◆ **How to complete this task**
Every entry in the listing is to be reproduced exactly.

-----

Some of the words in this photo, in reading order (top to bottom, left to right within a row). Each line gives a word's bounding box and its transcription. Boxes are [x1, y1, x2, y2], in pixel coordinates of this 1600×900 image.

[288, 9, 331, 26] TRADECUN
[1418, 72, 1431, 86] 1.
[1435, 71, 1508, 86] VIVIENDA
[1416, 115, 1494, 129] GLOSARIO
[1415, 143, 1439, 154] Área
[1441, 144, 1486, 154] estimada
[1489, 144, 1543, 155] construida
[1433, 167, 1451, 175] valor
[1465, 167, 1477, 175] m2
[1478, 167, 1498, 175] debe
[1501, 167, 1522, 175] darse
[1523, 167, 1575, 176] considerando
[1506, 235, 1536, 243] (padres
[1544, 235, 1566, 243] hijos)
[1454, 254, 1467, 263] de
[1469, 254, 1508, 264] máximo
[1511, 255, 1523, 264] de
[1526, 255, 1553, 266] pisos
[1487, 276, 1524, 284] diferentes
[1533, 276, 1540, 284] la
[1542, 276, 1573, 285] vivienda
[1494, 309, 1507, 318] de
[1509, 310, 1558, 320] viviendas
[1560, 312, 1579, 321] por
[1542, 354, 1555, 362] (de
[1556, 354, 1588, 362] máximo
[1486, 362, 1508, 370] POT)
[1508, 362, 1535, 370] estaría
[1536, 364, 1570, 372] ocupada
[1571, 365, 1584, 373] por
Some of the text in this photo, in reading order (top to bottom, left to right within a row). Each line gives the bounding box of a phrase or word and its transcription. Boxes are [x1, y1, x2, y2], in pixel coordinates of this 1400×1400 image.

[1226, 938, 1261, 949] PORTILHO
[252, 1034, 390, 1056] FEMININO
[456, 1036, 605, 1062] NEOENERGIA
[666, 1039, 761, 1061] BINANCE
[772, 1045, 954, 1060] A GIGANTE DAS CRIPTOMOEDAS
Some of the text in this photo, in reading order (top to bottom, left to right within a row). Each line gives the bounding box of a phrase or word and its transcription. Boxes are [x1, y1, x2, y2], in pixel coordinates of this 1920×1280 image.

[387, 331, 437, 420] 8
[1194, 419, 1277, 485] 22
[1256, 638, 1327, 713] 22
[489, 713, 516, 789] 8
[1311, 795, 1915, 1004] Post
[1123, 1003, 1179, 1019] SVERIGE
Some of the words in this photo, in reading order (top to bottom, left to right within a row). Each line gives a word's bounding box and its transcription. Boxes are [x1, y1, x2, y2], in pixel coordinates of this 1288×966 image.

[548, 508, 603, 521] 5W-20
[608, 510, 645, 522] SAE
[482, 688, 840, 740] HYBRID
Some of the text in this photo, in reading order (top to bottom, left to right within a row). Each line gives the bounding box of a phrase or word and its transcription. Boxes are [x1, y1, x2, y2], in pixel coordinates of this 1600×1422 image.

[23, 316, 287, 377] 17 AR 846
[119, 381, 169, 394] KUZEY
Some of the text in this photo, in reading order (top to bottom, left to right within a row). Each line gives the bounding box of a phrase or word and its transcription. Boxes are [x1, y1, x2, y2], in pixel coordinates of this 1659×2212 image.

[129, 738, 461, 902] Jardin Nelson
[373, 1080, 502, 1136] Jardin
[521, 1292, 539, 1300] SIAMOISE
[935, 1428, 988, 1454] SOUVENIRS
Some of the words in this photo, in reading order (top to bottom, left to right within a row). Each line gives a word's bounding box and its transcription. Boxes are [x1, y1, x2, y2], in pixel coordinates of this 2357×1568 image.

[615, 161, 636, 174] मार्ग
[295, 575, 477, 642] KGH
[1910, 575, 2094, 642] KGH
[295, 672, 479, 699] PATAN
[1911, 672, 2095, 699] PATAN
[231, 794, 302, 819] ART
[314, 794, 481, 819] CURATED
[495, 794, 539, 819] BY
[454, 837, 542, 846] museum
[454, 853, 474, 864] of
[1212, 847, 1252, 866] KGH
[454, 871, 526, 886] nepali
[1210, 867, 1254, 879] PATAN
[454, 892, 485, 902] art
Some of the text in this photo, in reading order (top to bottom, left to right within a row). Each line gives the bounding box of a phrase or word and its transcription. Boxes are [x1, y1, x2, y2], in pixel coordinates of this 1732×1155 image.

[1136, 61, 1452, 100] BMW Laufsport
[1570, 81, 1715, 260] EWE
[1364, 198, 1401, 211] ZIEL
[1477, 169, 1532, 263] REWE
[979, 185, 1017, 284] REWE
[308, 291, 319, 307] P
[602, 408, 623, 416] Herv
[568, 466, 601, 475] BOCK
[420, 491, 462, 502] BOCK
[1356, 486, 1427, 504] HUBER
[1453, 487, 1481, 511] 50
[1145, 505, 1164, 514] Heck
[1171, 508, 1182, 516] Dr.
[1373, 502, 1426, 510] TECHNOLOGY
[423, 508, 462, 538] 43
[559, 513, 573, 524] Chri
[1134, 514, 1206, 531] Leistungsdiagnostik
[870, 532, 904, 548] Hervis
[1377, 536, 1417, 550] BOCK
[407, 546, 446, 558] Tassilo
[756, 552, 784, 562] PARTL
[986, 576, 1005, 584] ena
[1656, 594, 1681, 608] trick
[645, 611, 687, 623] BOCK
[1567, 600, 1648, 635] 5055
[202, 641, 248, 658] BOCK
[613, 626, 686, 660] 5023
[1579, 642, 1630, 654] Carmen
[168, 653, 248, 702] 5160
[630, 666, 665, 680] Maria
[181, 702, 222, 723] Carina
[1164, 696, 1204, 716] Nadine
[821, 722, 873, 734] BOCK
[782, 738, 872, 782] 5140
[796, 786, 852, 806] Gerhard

-----

◆ **Written reply**
Some of the words in this photo, in reading order (top to bottom, left to right within a row). Each line gives a word's bounding box and its transcription. Boxes are [x1, y1, x2, y2], in pixel coordinates of this 1600×900 image.

[288, 9, 331, 26] TRADECUN
[1418, 72, 1431, 86] 1.
[1435, 71, 1508, 86] VIVIENDA
[1416, 115, 1494, 129] GLOSARIO
[1415, 143, 1439, 154] Área
[1441, 144, 1486, 154] estimada
[1489, 144, 1543, 155] construida
[1433, 167, 1451, 175] valor
[1465, 167, 1477, 175] m2
[1478, 167, 1498, 175] debe
[1501, 167, 1522, 175] darse
[1523, 167, 1575, 176] considerando
[1506, 235, 1536, 243] (padres
[1544, 235, 1566, 243] hijos)
[1454, 254, 1467, 263] de
[1469, 254, 1508, 264] máximo
[1511, 255, 1523, 264] de
[1526, 255, 1553, 266] pisos
[1487, 276, 1524, 284] diferentes
[1533, 276, 1540, 284] la
[1542, 276, 1573, 285] vivienda
[1494, 309, 1507, 318] de
[1509, 310, 1558, 320] viviendas
[1560, 312, 1579, 321] por
[1542, 354, 1555, 362] (de
[1556, 354, 1588, 362] máximo
[1486, 362, 1508, 370] POT)
[1508, 362, 1535, 370] estaría
[1536, 364, 1570, 372] ocupada
[1571, 365, 1584, 373] por
Some of the text in this photo, in reading order (top to bottom, left to right within a row). Each line gives the bounding box of a phrase or word and its transcription. Boxes are [x1, y1, x2, y2], in pixel coordinates of this 1400×1400 image.

[1226, 938, 1261, 949] PORTILHO
[252, 1034, 390, 1056] FEMININO
[456, 1036, 605, 1062] NEOENERGIA
[666, 1039, 761, 1061] BINANCE
[772, 1045, 954, 1060] A GIGANTE DAS CRIPTOMOEDAS
Some of the text in this photo, in reading order (top to bottom, left to right within a row). Each line gives the bounding box of a phrase or word and its transcription. Boxes are [x1, y1, x2, y2], in pixel coordinates of this 1920×1280 image.

[387, 331, 437, 420] 8
[1194, 419, 1277, 485] 22
[1256, 638, 1327, 713] 22
[489, 713, 516, 789] 8
[1311, 795, 1915, 1004] Post
[1123, 1003, 1179, 1019] SVERIGE
Some of the words in this photo, in reading order (top to bottom, left to right within a row). Each line gives a word's bounding box and its transcription. Boxes are [x1, y1, x2, y2], in pixel coordinates of this 1288×966 image.

[548, 508, 603, 521] 5W-20
[608, 510, 645, 522] SAE
[482, 688, 840, 740] HYBRID
Some of the text in this photo, in reading order (top to bottom, left to right within a row). Each line gives the bounding box of a phrase or word and its transcription. Boxes are [x1, y1, x2, y2], in pixel coordinates of this 1600×1422 image.

[23, 316, 287, 377] 17 AR 846
[119, 381, 169, 394] KUZEY
Some of the text in this photo, in reading order (top to bottom, left to right within a row). Each line gives the bounding box of a phrase or word and its transcription. Boxes are [x1, y1, x2, y2], in pixel coordinates of this 1659×2212 image.

[129, 738, 461, 902] Jardin Nelson
[373, 1080, 502, 1136] Jardin
[521, 1292, 539, 1300] SIAMOISE
[935, 1428, 988, 1454] SOUVENIRS
Some of the words in this photo, in reading order (top to bottom, left to right within a row). Each line gives a word's bounding box and its transcription. Boxes are [x1, y1, x2, y2], in pixel coordinates of this 2357×1568 image.

[615, 161, 636, 174] मार्ग
[295, 575, 477, 642] KGH
[1910, 575, 2094, 642] KGH
[295, 672, 479, 699] PATAN
[1911, 672, 2095, 699] PATAN
[231, 794, 302, 819] ART
[314, 794, 481, 819] CURATED
[495, 794, 539, 819] BY
[454, 837, 542, 846] museum
[454, 853, 474, 864] of
[1212, 847, 1252, 866] KGH
[454, 871, 526, 886] nepali
[1210, 867, 1254, 879] PATAN
[454, 892, 485, 902] art
Some of the text in this photo, in reading order (top to bottom, left to right within a row). Each line gives the bounding box of a phrase or word and its transcription. Boxes are [x1, y1, x2, y2], in pixel coordinates of this 1732×1155 image.

[1136, 61, 1452, 100] BMW Laufsport
[1570, 81, 1715, 260] EWE
[1364, 198, 1401, 211] ZIEL
[1477, 169, 1532, 263] REWE
[979, 185, 1017, 284] REWE
[308, 291, 319, 307] P
[602, 408, 623, 416] Herv
[568, 466, 601, 475] BOCK
[420, 491, 462, 502] BOCK
[1356, 486, 1427, 504] HUBER
[1453, 487, 1481, 511] 50
[1145, 505, 1164, 514] Heck
[1171, 508, 1182, 516] Dr.
[1373, 502, 1426, 510] TECHNOLOGY
[423, 508, 462, 538] 43
[559, 513, 573, 524] Chri
[1134, 514, 1206, 531] Leistungsdiagnostik
[870, 532, 904, 548] Hervis
[1377, 536, 1417, 550] BOCK
[407, 546, 446, 558] Tassilo
[756, 552, 784, 562] PARTL
[986, 576, 1005, 584] ena
[1656, 594, 1681, 608] trick
[645, 611, 687, 623] BOCK
[1567, 600, 1648, 635] 5055
[202, 641, 248, 658] BOCK
[613, 626, 686, 660] 5023
[1579, 642, 1630, 654] Carmen
[168, 653, 248, 702] 5160
[630, 666, 665, 680] Maria
[181, 702, 222, 723] Carina
[1164, 696, 1204, 716] Nadine
[821, 722, 873, 734] BOCK
[782, 738, 872, 782] 5140
[796, 786, 852, 806] Gerhard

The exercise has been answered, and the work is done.